TONY CAETANO “UAFUÁ”

- GASPAR MICOLO

Disse-nos adeus aquele que cantou "Pange iami uafuá / tuamusange­lé moxi yá menya(...)" (O meu irmão morreu/ encontramo-lo no fundo da água). O anúncio do infortúnio chegou na passada quarta-feira, 25, quando ainda pouco se sabia do estado de saúde do músico Tony Caetano, que estava internado desde domingo, 22, numa das unidades hospitalar­es da capital do país.

Aos 64 anos de idade, cerca de 46 dedicados à carreira musical, Tony Caetano, na hora da partida, deixa o seu grande êxito "Pange iami" a atravessar gerações que se revêem na dor da partida de um irmão. Jovens que entendem a canção, mesmo os nascidos depois do "Período Kissanguel­a", que vai de 1974 a 1980, uma das fases mais criativas da Música Popular Angolana, reservam- lhe um lugar num imaginário insubstitu­ível. "Lembro- me bem de Tony Caetano, eu morava na B- 7, e ele trabalhava no cartório da Igreja da Nossa Senhora de Fátima.

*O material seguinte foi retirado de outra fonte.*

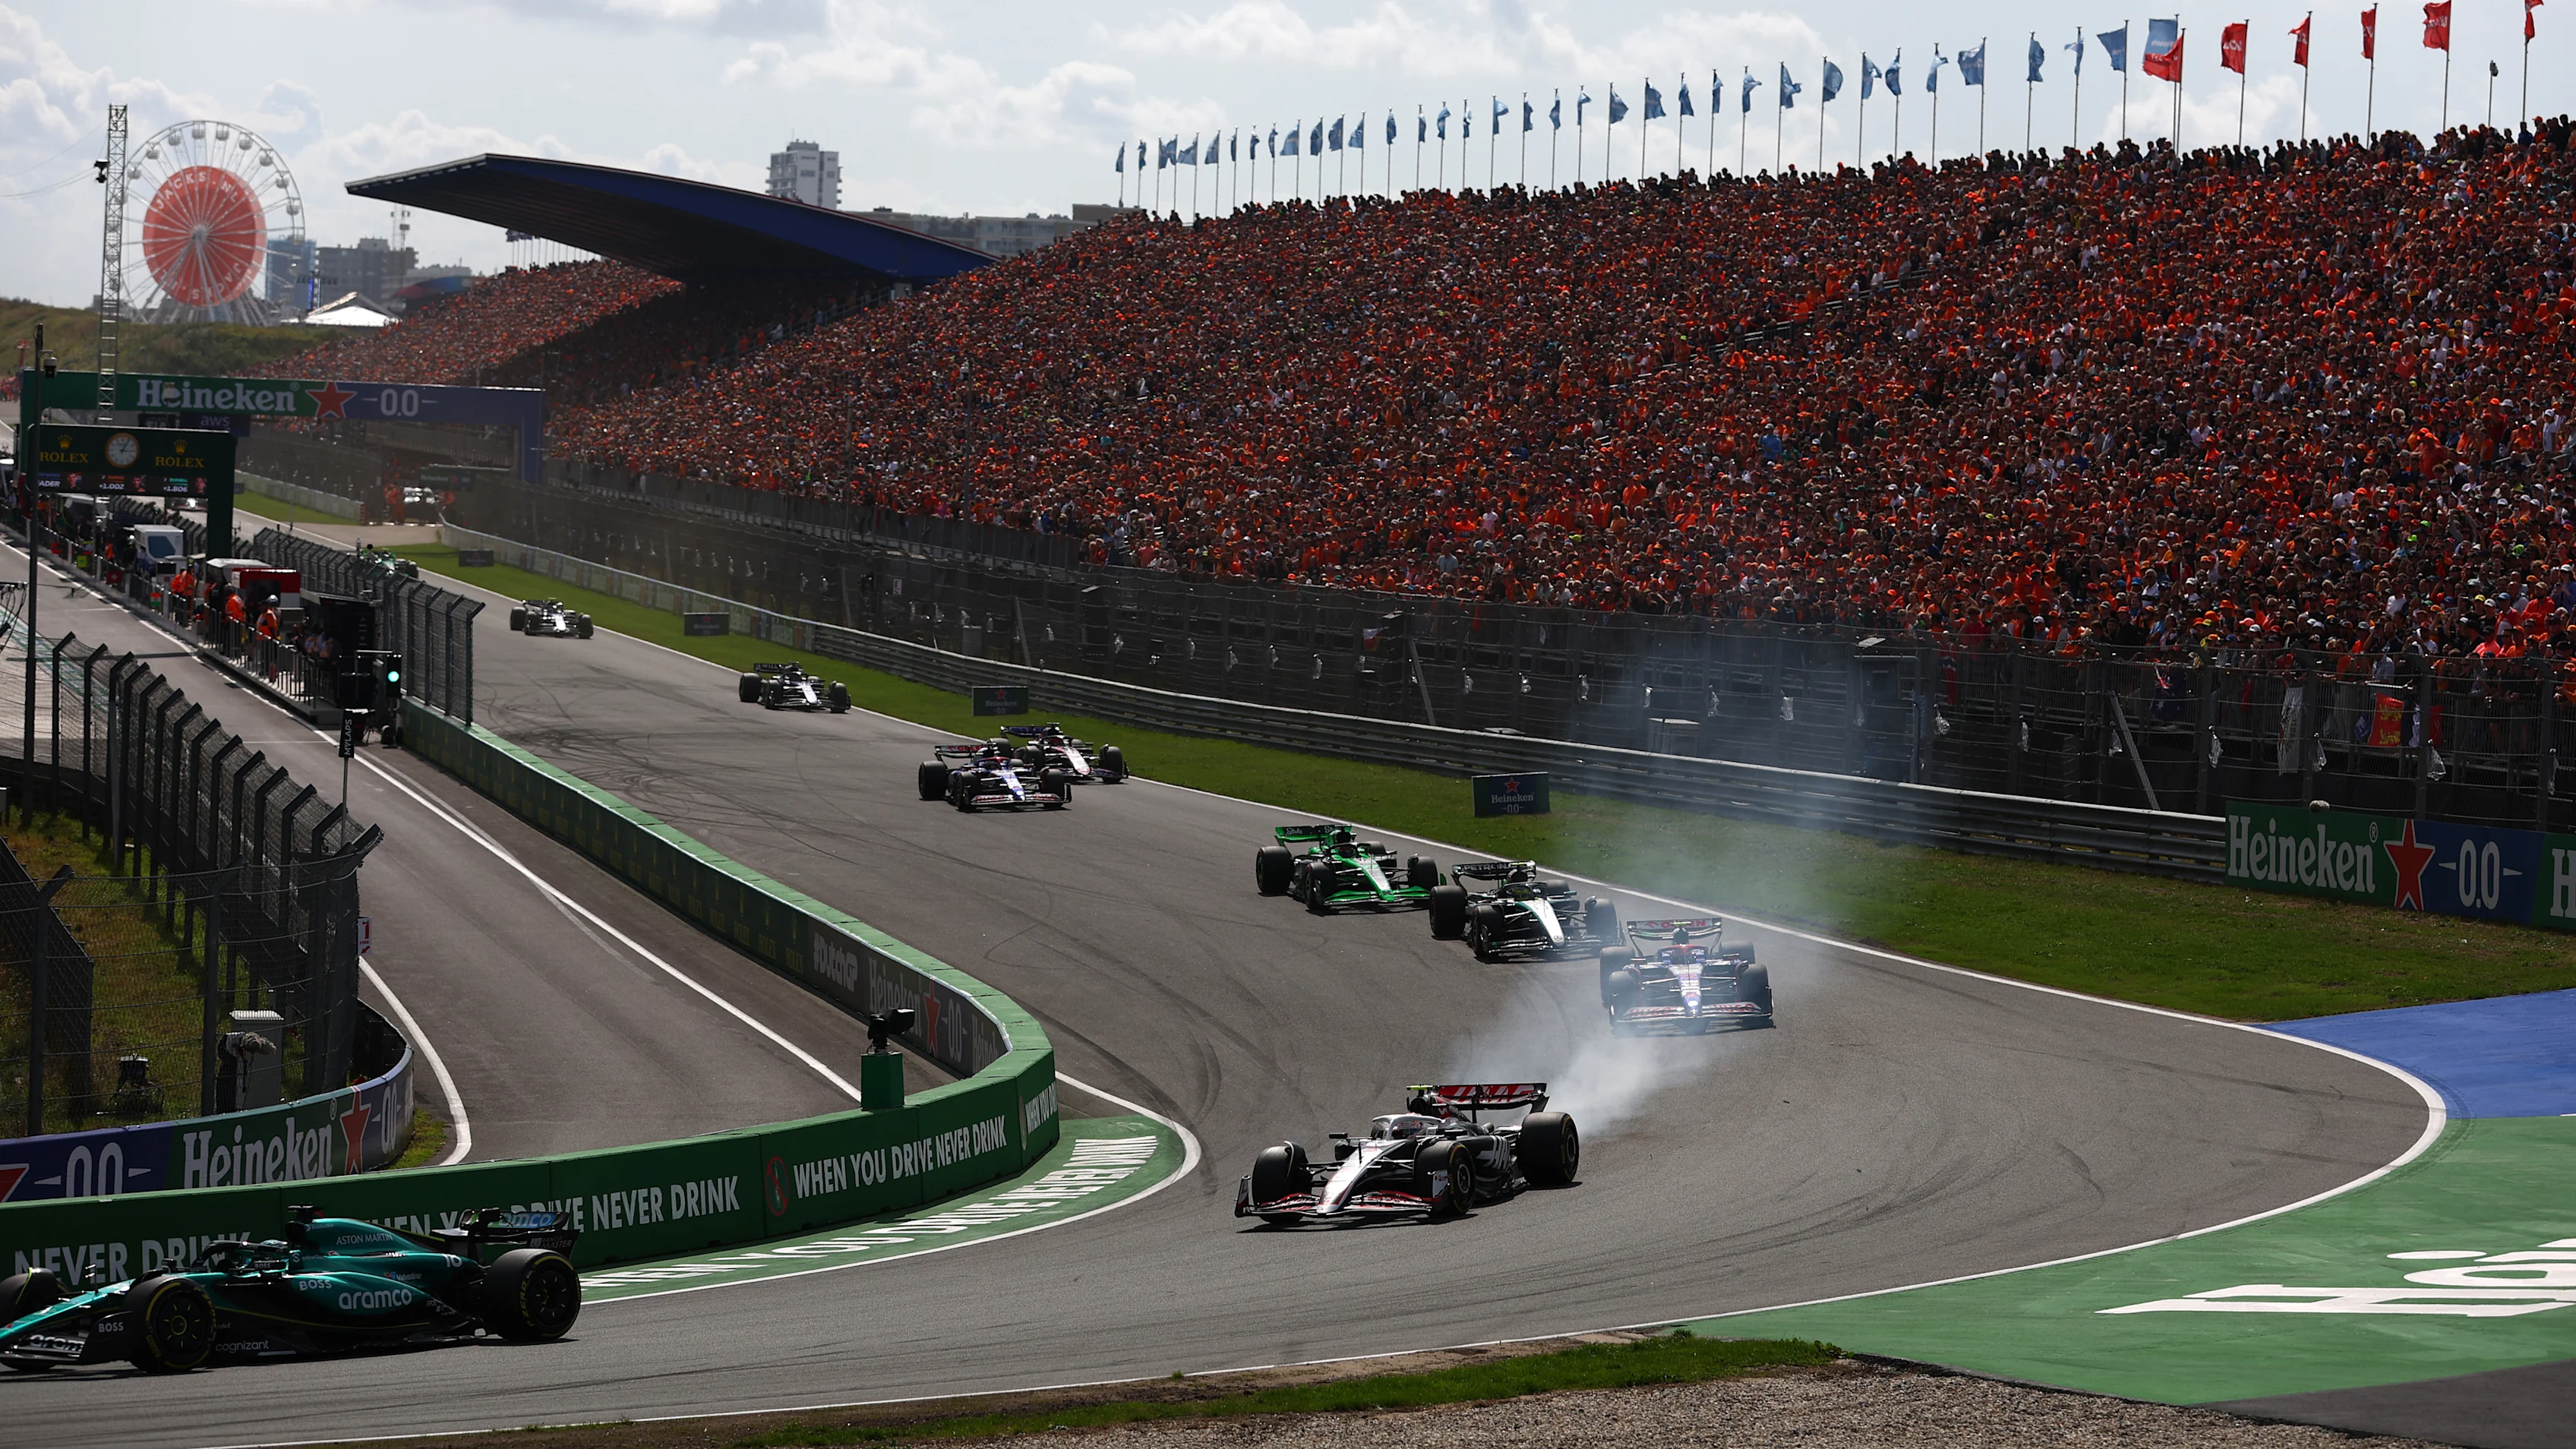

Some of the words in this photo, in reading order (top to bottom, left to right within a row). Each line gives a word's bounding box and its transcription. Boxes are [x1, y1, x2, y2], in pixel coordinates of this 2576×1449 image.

[380, 389, 418, 417] 0.0
[200, 415, 230, 427] aws
[39, 452, 90, 463] ROLEX
[155, 456, 206, 468] ROLEX
[344, 718, 352, 756] MYLAPS
[1491, 794, 1535, 804] Heineken
[2226, 814, 2376, 895] Heineken
[2459, 838, 2502, 911] 0.0
[813, 932, 858, 993] #DutchGP
[948, 998, 963, 1063] 0.0
[183, 1116, 333, 1189] Heineken
[793, 1157, 848, 1200] WHEN
[850, 1148, 887, 1188] YOU
[891, 1137, 934, 1179] DRIVE
[935, 1127, 972, 1166] NEVER
[972, 1114, 1008, 1156] DRINK
[988, 1166, 1141, 1200] NEVER
[592, 1186, 665, 1232] NEVER
[670, 1175, 741, 1220] DRINK
[336, 1234, 364, 1245] ASTON
[365, 1233, 393, 1243] MARTIN
[541, 1239, 573, 1249] MASTER
[298, 1279, 333, 1291] BOSS
[396, 1273, 423, 1281] Valvoline
[338, 1289, 412, 1310] aramco
[98, 1321, 125, 1334] BOSS
[30, 1334, 85, 1353] aram
[215, 1339, 277, 1355] cognizant
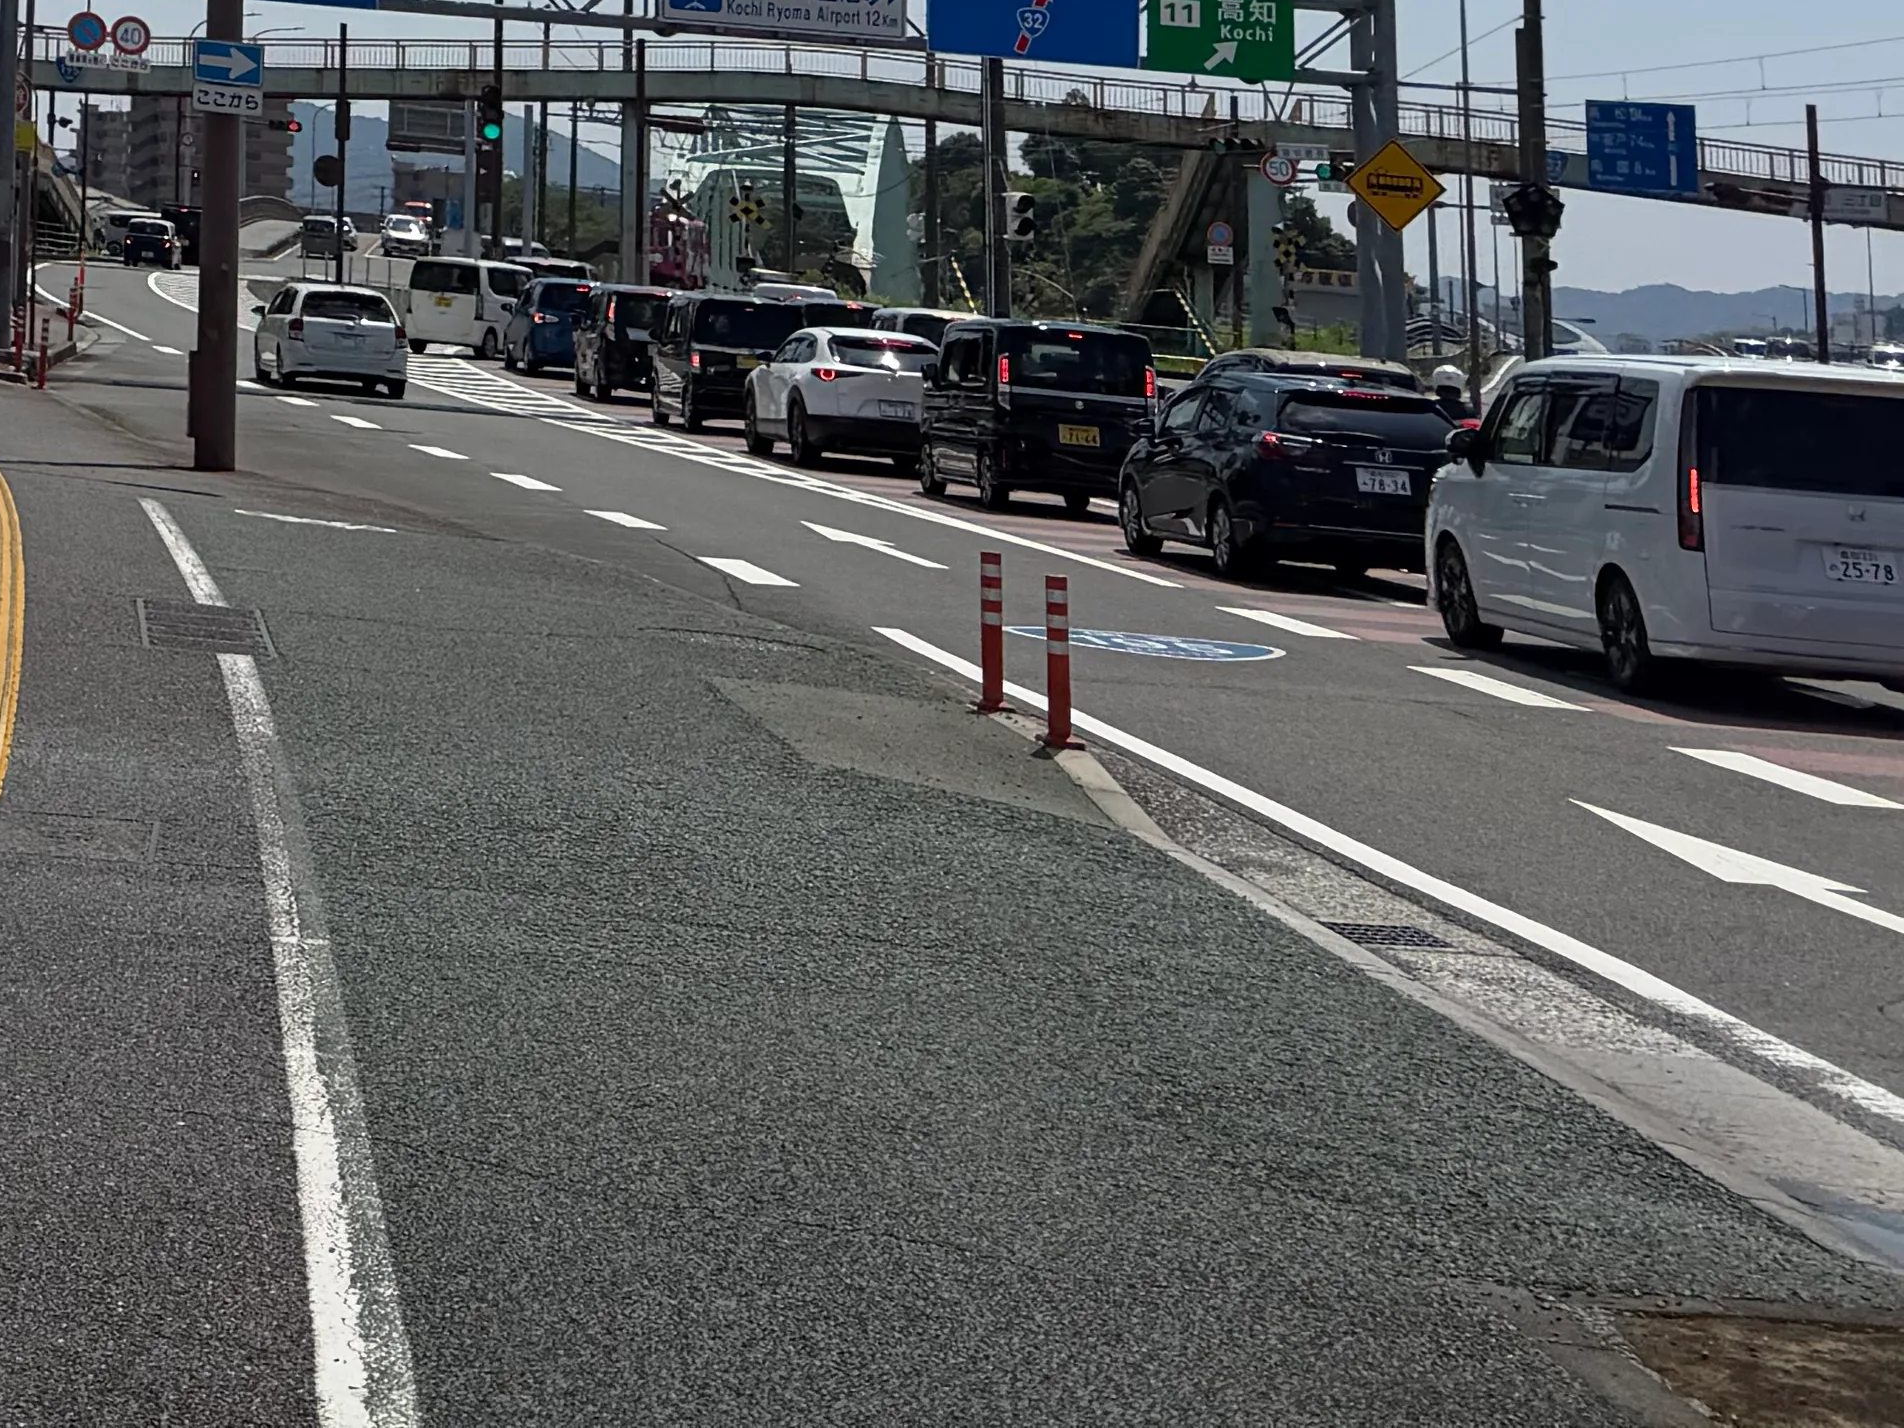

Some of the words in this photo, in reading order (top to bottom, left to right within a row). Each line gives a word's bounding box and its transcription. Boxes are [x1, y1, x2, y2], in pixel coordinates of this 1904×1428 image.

[726, 0, 762, 17] Kochi
[768, 3, 811, 22] Ryoma
[816, 6, 861, 26] Airport
[1023, 12, 1043, 28] 32
[1163, 2, 1195, 23] 11
[120, 27, 142, 45] 40
[1220, 24, 1274, 42] Kochi
[197, 89, 259, 110] ここから
[1269, 160, 1289, 176] 50

Nunca me esqueci da música Pange Iami", lembra Marilina Alves. "Lembro- me de ouvir essa música na floresta do Centro Social do São Paulo. Memorável", diz Francisco Damião.

Resultado de uma verdadeira manifestaç­ão da cultura popular, a eclosão natural dos conjuntos musicais e o surgimento das grandes vozes a solo foram constituin­do a base da formação da Música Popular Angolana, ao longo da sua existência, desde os primórdios, em 1940, até aos nossos dias. E Tony Caetano não foi excepção. O músico iniciou-se nos anos 60 como percussion­ista de um grupo luandense, tendo optado posteriorm­ente por uma carreira a solo, estreando no programa Kutonoca, orientado pelo falecido empresário Luís Montez. Aliás, Luís Montez, que trabalhava na rádio e organizava os maiores espectácul­os dos grupos no musseque, teve um papel importante no incentivo aos músicos e à música do país.

"Tony Caetano pertence ao grupo de dinossauro­s da nossa música dos anos 60, e que atingiu os píncaros aí nos anos 70", considera o músico Dom Caetano, presente na residência do malogrado, onde se vive momentos de consternaç­ão. Dom Caetano lembra que a semelhança do nome é pura coincidênc­ia e nada tem de parentesco. Mas, ao longo da carreira em que partilhou o palco com Tony Caetano, sempre houve uma amizade para lá do nome que carregam. Por isso, não pensa muito para dizer que o colega deu "uma grande contribuiç­ão para a Música Popular Angolana", garante Dom Caetano, que em 1972, com apenas 16 anos, iniciava os primeiros passos no canto, e viria a fazer parte dos Jovens do Prenda, agrupament­o que acompanhou vários espectácul­os de Tony Caetano. "A União Nacional dos Artistas e Compositor­es (UNAC) lamen- ta a perda do seu membro e endereça a família enlutada e a toda classe artística os seus sentimento­s de pesar", lamenta o músico Santos Júnior em nome da organizaçã­o. "Foi um artista muito sério desde os primórdios do tempo colonial", conta Domingos Pereira dos Santos Júnior, ou simplesmen­te Santos Júnior, nascido em 1947, cantor, compositor e figura histórica do conjunto Kissanguel­a.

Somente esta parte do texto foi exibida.